[Dataset content — start]
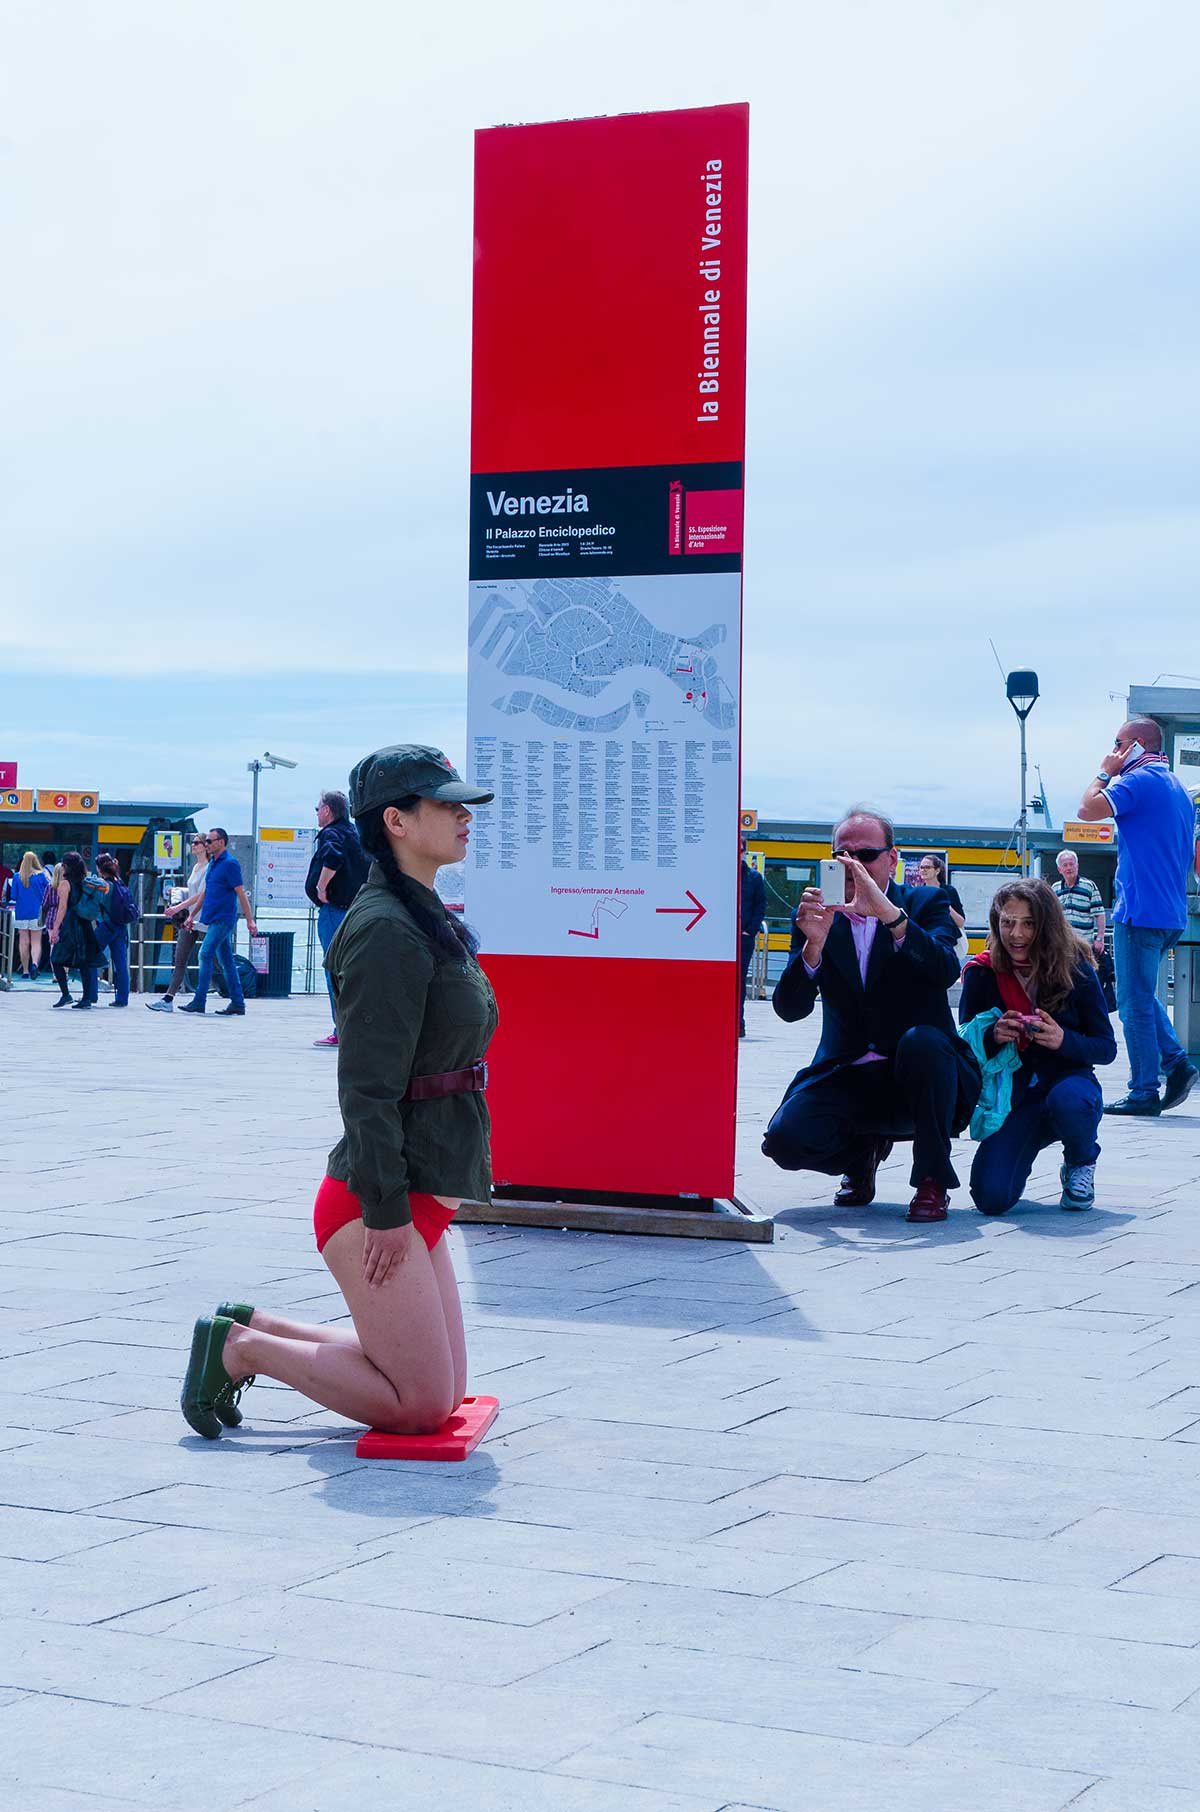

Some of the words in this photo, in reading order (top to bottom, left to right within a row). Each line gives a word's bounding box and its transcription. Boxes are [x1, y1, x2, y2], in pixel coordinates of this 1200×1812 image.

[700, 159, 722, 251] Venezia
[699, 260, 721, 281] di
[697, 289, 720, 393] Biennale
[697, 401, 719, 422] la
[486, 487, 589, 516] Venezia
[486, 528, 493, 539] Il
[495, 527, 536, 539] Palazzo
[538, 524, 616, 538] Enciclopedico
[697, 525, 727, 534] Esposizione
[688, 532, 725, 540] Internazionale
[9, 796, 16, 804] N
[57, 797, 64, 806] 2
[84, 798, 91, 807] 8
[744, 816, 751, 825] 8
[550, 886, 613, 895] Ingresso/entrance
[614, 887, 645, 895] Arsenale
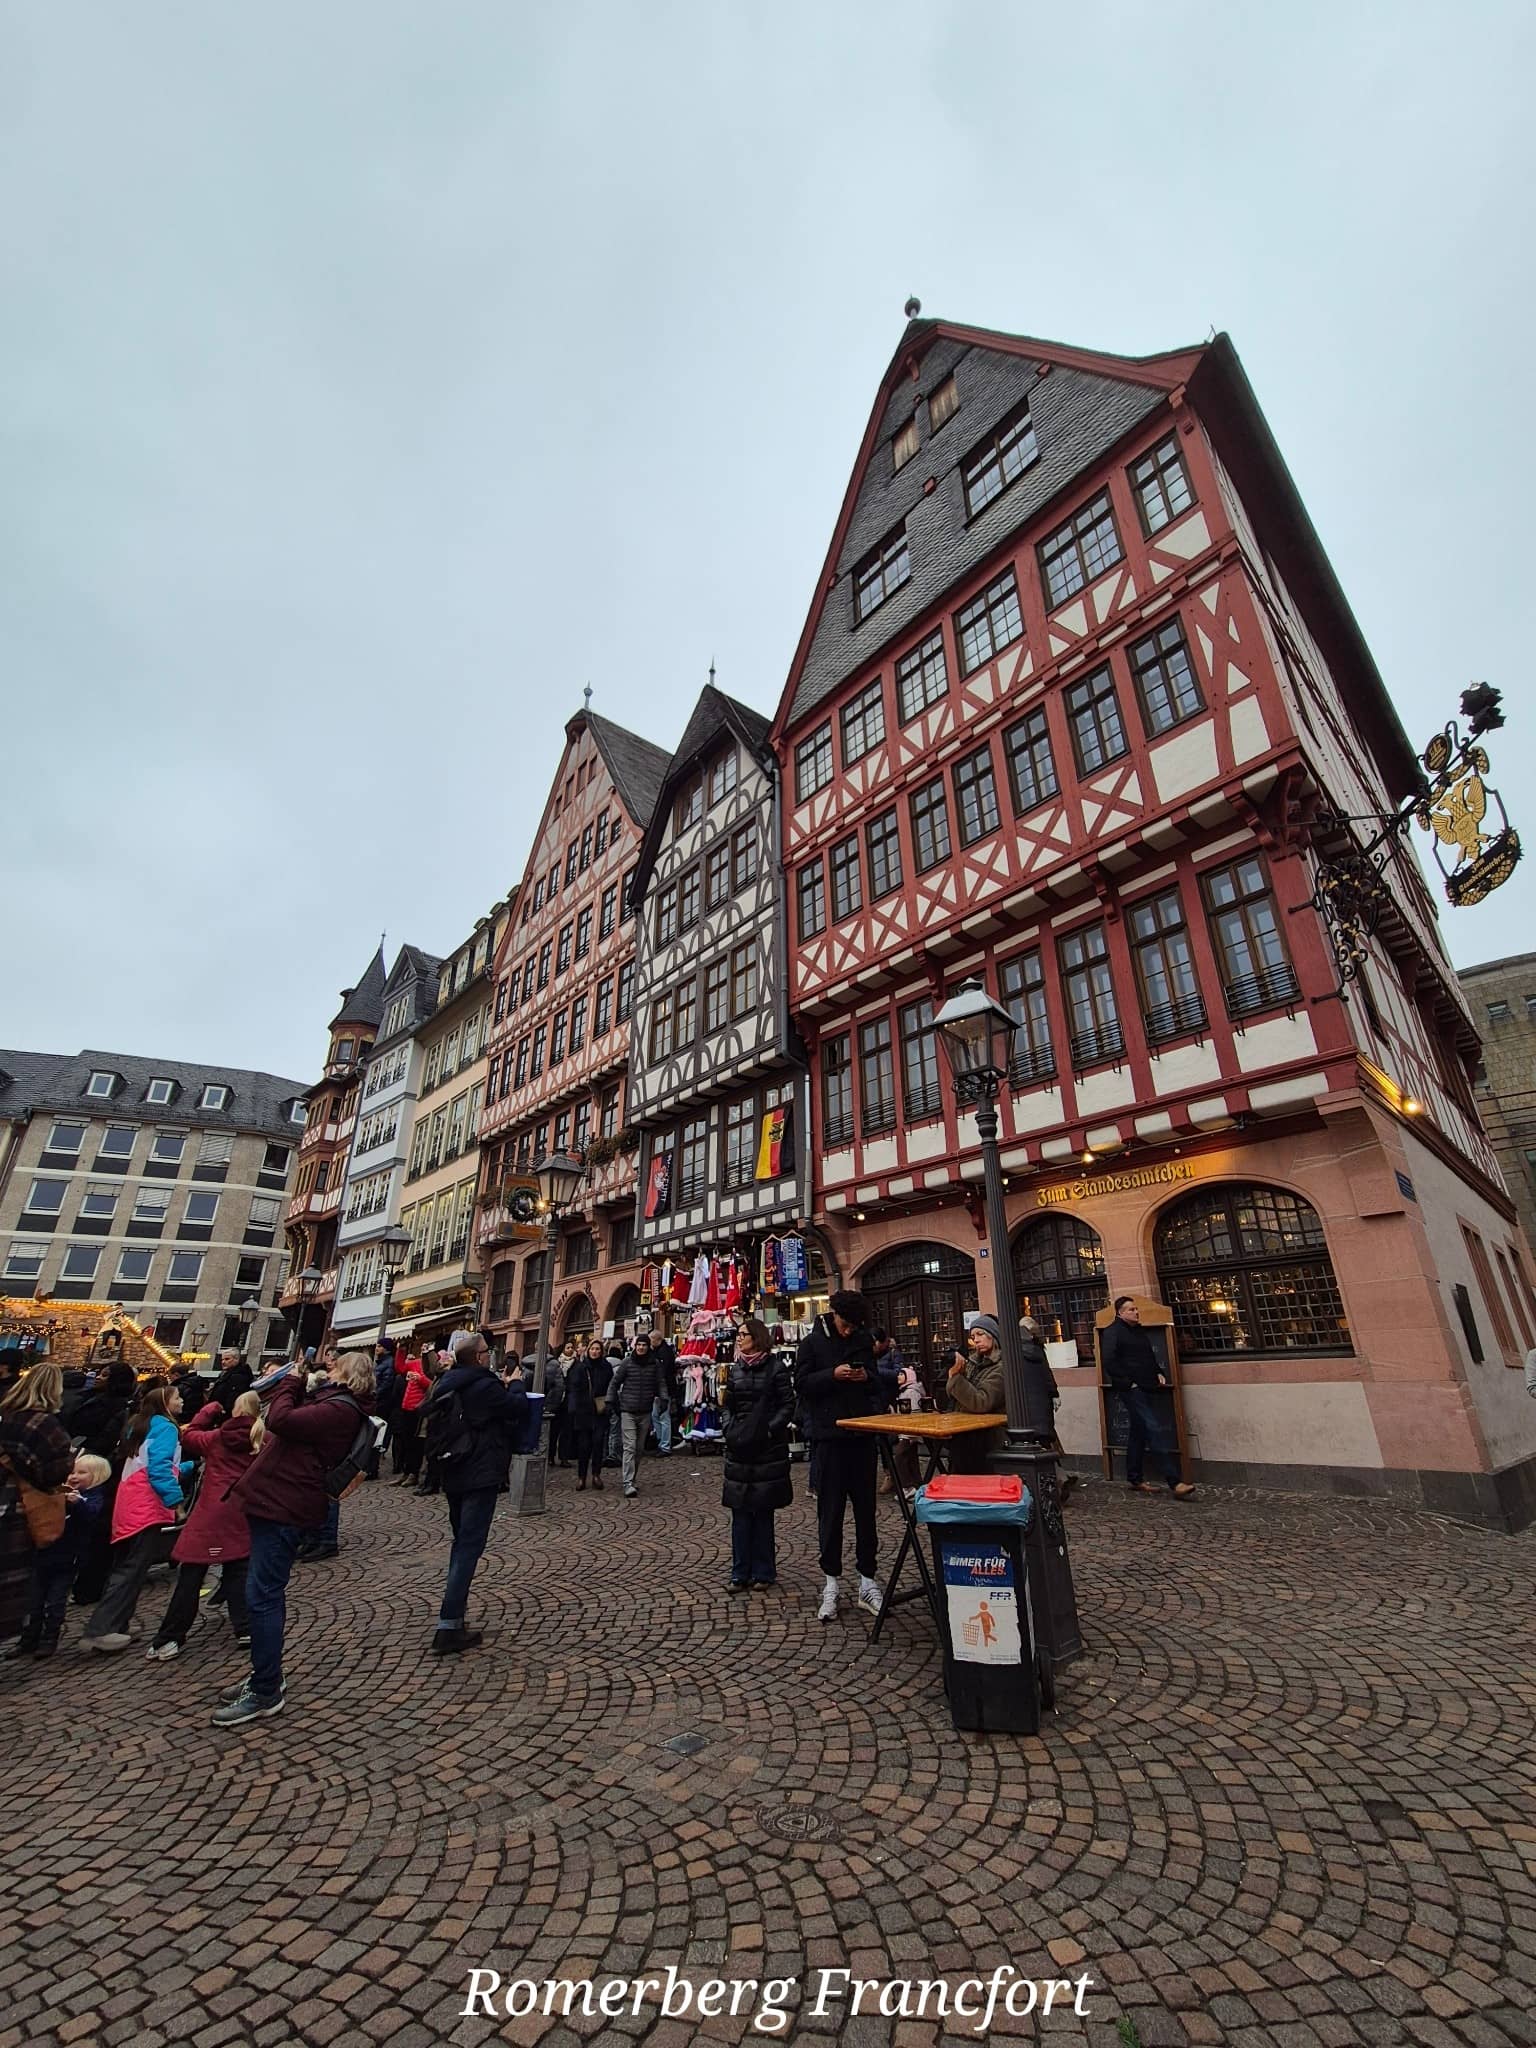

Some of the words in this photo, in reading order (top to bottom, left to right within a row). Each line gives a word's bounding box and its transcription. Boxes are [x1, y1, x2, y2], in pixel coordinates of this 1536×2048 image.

[1037, 1186, 1070, 1207] Zum
[1070, 1161, 1196, 1200] Standesämtchen
[949, 1556, 982, 1567] EIMER
[984, 1556, 1007, 1568] FÜR
[970, 1566, 1007, 1576] ALLES.
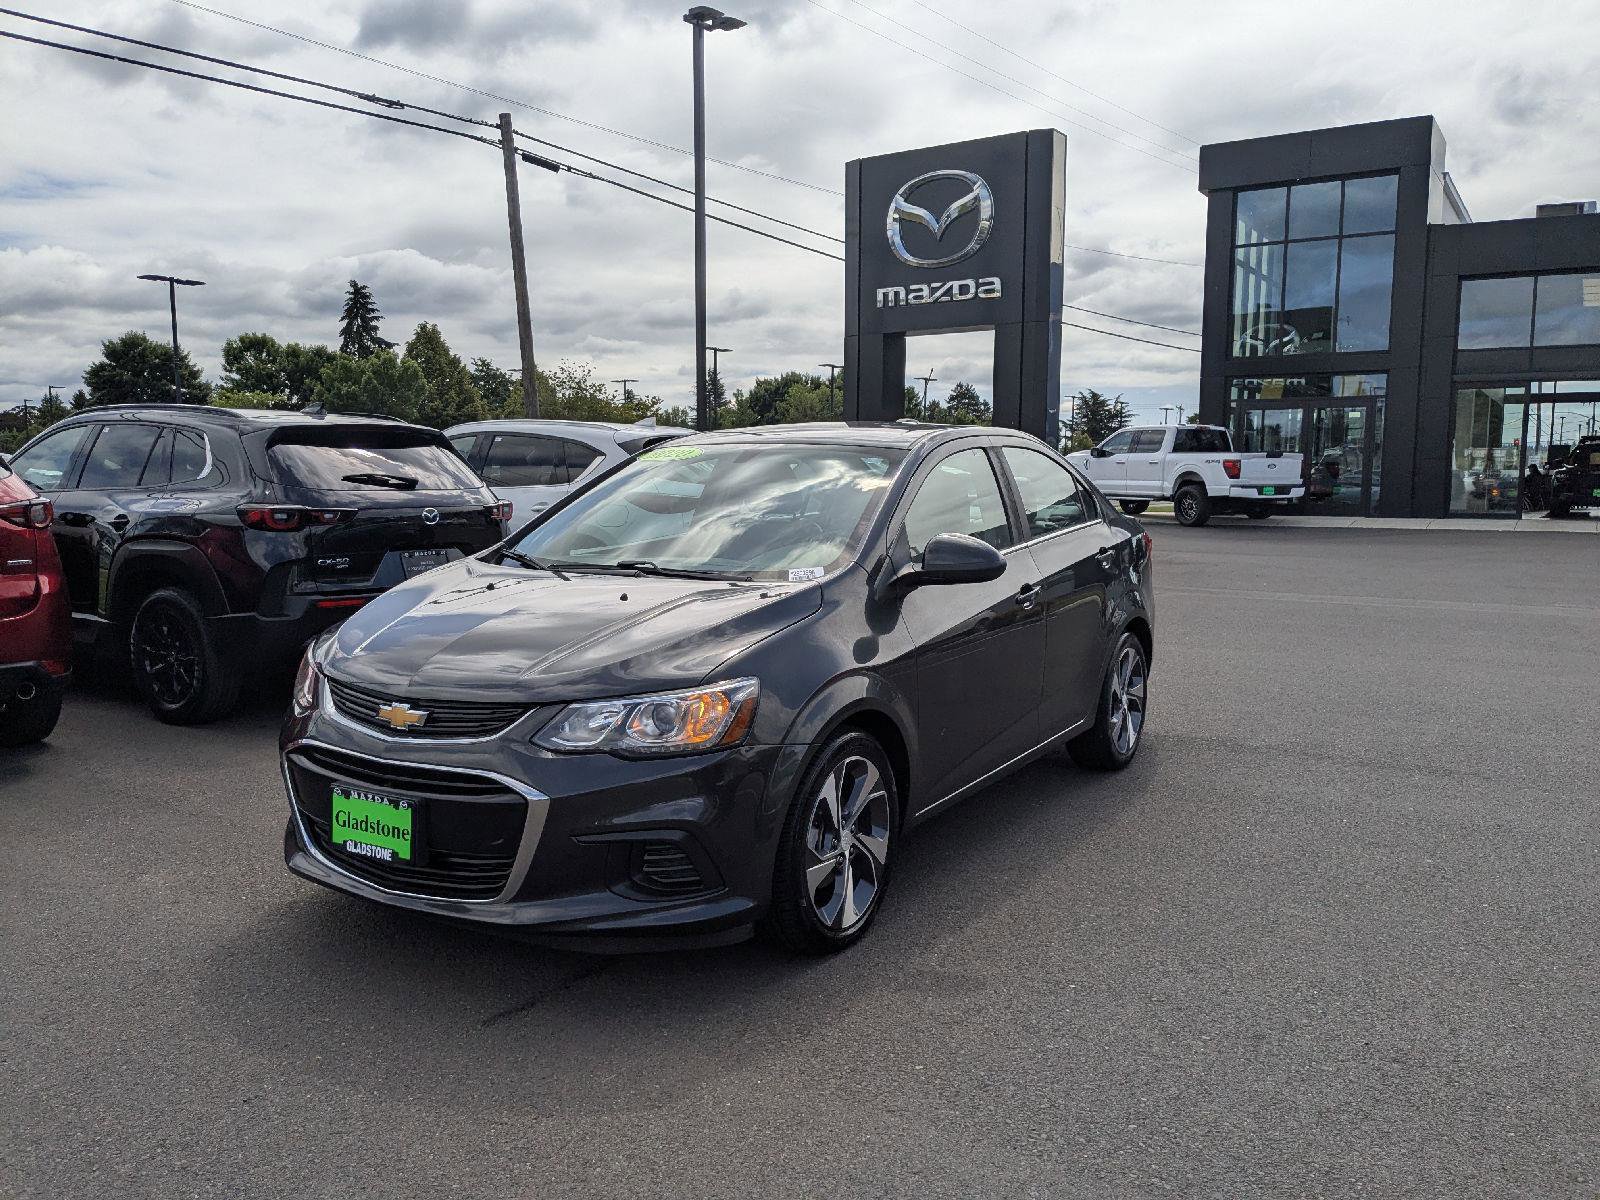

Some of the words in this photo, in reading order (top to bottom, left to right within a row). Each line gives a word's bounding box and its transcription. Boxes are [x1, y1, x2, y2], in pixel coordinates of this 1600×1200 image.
[Dataset content — finish]
Task details:
Please set down only the lines from the one containing "this 1536×2048 image." through the end of the entries, exactly as they stand, both ends included and with no pictures.

Solution:
Some of the words in this photo, in reading order (top to bottom, left to right within a row). Each line gives a word's bounding box and its transcription. Boxes are [x1, y1, x2, y2], in pixel coordinates of this 1536×2048 image.

[1037, 1186, 1070, 1207] Zum
[1070, 1161, 1196, 1200] Standesämtchen
[949, 1556, 982, 1567] EIMER
[984, 1556, 1007, 1568] FÜR
[970, 1566, 1007, 1576] ALLES.

Some of the words in this photo, in reading order (top to bottom, left to right within a row). Each line gives a word's bounding box and its transcription. Boxes are [x1, y1, x2, y2], in pixel coordinates of this 1600×1200 image.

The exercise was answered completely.